_RECORDS_
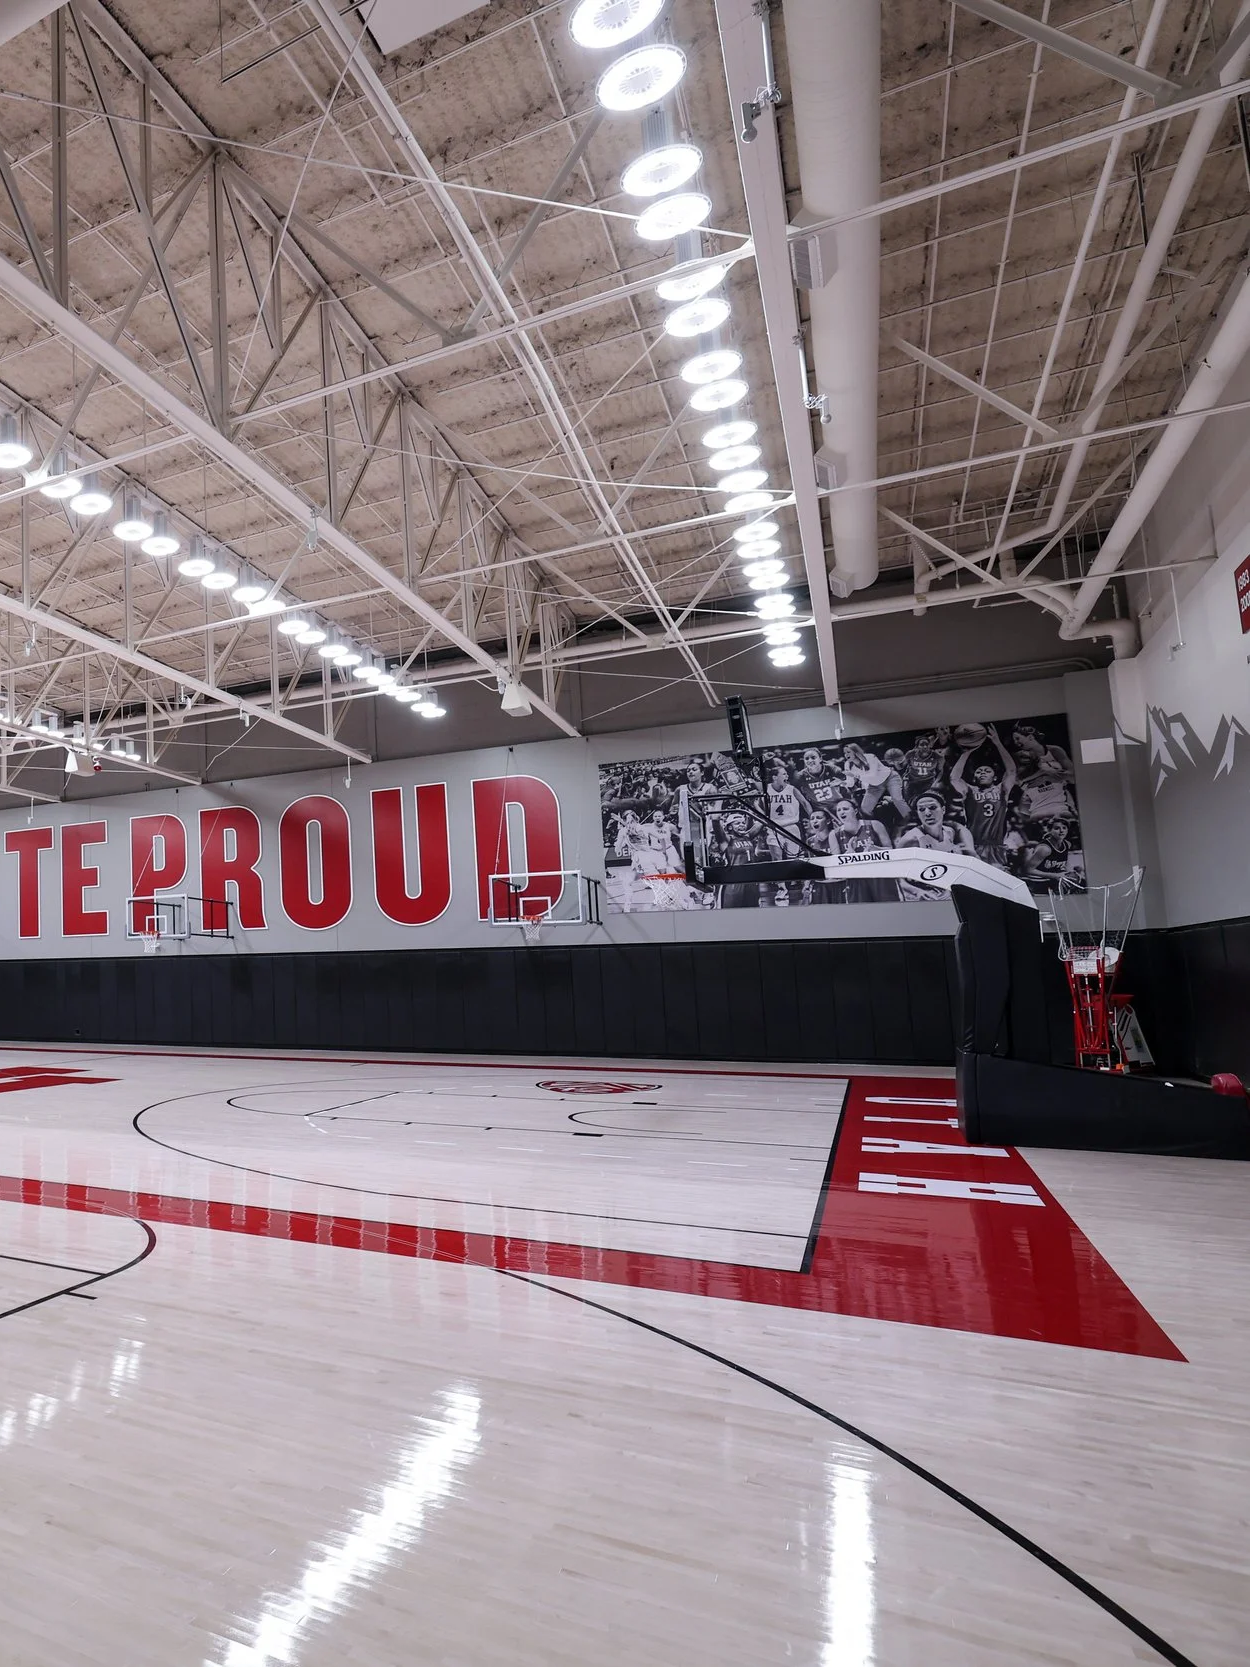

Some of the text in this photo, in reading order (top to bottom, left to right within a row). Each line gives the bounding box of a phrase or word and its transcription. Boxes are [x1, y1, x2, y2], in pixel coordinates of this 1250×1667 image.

[1240, 590, 1250, 613] 200
[768, 794, 792, 804] UTAH
[813, 786, 833, 802] 23
[974, 792, 1000, 801] UTAH
[775, 804, 784, 816] 4
[983, 803, 994, 817] 3
[130, 775, 565, 935] PROUD
[838, 851, 890, 865] SPALDING

_YOUR OBJECTIVE_
For this exercise, copy the entries above exactly and skip any picture.

_WRITTEN ANSWER_
Some of the text in this photo, in reading order (top to bottom, left to right within a row). Each line gives the bounding box of a phrase or word and its transcription. Boxes are [x1, y1, x2, y2], in pixel coordinates of this 1250×1667 image.

[1240, 590, 1250, 613] 200
[768, 794, 792, 804] UTAH
[813, 786, 833, 802] 23
[974, 792, 1000, 801] UTAH
[775, 804, 784, 816] 4
[983, 803, 994, 817] 3
[130, 775, 565, 935] PROUD
[838, 851, 890, 865] SPALDING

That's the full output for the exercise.